GIVEN her strong political views, recently broadcast from a pink boat during an Extinction Rebellion protest, it is a wonder why Emma Thompson has never stood for election.

But then the joy of her job as an actor is that she can pretty much try her hand at any line of work for a while, then hop on to something else.

In Years and Years, Russell T Davies’s new drama starting next week, the Tutti Frutti star plays a politician of a very different stripe from Thompson’s own.

Vivienne Rook, sharp of suit and tongue, is a dyed in the wool populist who shoots to fame saying the kind of things politicians are not supposed to say. In the first episode, her response to a question on the Gaza Strip will leave you gasping in disbelief, even in these Trumpian days.

The idea behind Years and Years is as smart as you would expect from Davies, the writer of Queer as Folk and reinventor of Doctor Who.
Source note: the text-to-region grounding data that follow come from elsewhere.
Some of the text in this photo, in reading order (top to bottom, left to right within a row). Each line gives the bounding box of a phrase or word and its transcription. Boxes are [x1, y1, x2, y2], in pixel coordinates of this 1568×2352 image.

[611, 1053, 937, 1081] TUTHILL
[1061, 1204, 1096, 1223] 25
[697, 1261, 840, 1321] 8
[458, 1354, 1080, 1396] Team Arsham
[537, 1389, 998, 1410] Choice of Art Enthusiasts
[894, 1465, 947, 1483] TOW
Centred around one extended family, it starts in the present day with council housing officer Daniel (Russell Tovey) bemoaning the state of the world and how everything has gone to pot since the financial crash of 2008. Politics used to be reassuringly boring, he says. "Now I worry about everything."

From there, the action bounds forwards, so that by the end of the hour we are in 2024. In case you are wondering, there is still no resolution of the Northern Ireland border question. In total, the six-part series will cover 15 years, giving plenty of scope for strong stories to develop.
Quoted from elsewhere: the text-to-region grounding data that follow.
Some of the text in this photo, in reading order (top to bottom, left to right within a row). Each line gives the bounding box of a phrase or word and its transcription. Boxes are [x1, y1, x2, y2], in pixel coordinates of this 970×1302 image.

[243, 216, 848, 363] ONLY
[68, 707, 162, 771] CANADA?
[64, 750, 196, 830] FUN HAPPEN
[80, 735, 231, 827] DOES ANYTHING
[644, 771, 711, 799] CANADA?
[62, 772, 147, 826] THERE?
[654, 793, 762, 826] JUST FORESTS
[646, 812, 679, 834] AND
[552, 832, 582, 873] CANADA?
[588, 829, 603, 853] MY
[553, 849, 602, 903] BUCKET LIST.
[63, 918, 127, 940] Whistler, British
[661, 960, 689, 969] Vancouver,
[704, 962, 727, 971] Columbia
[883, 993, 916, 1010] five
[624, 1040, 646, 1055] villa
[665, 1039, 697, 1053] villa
Davies has always been a political writer, but mostly with a soft “p”. Here he gets to range far and wide on topics from China-US rivalry to the treatment of refugees. If that makes the drama sound like modern studies homework the reality is far from it. As ever with Davies, Years and Years is a warm and funny work about love and family and the whole darn thing.

Except for Vivienne Rook, of course. Or maybe there is hope for her after all.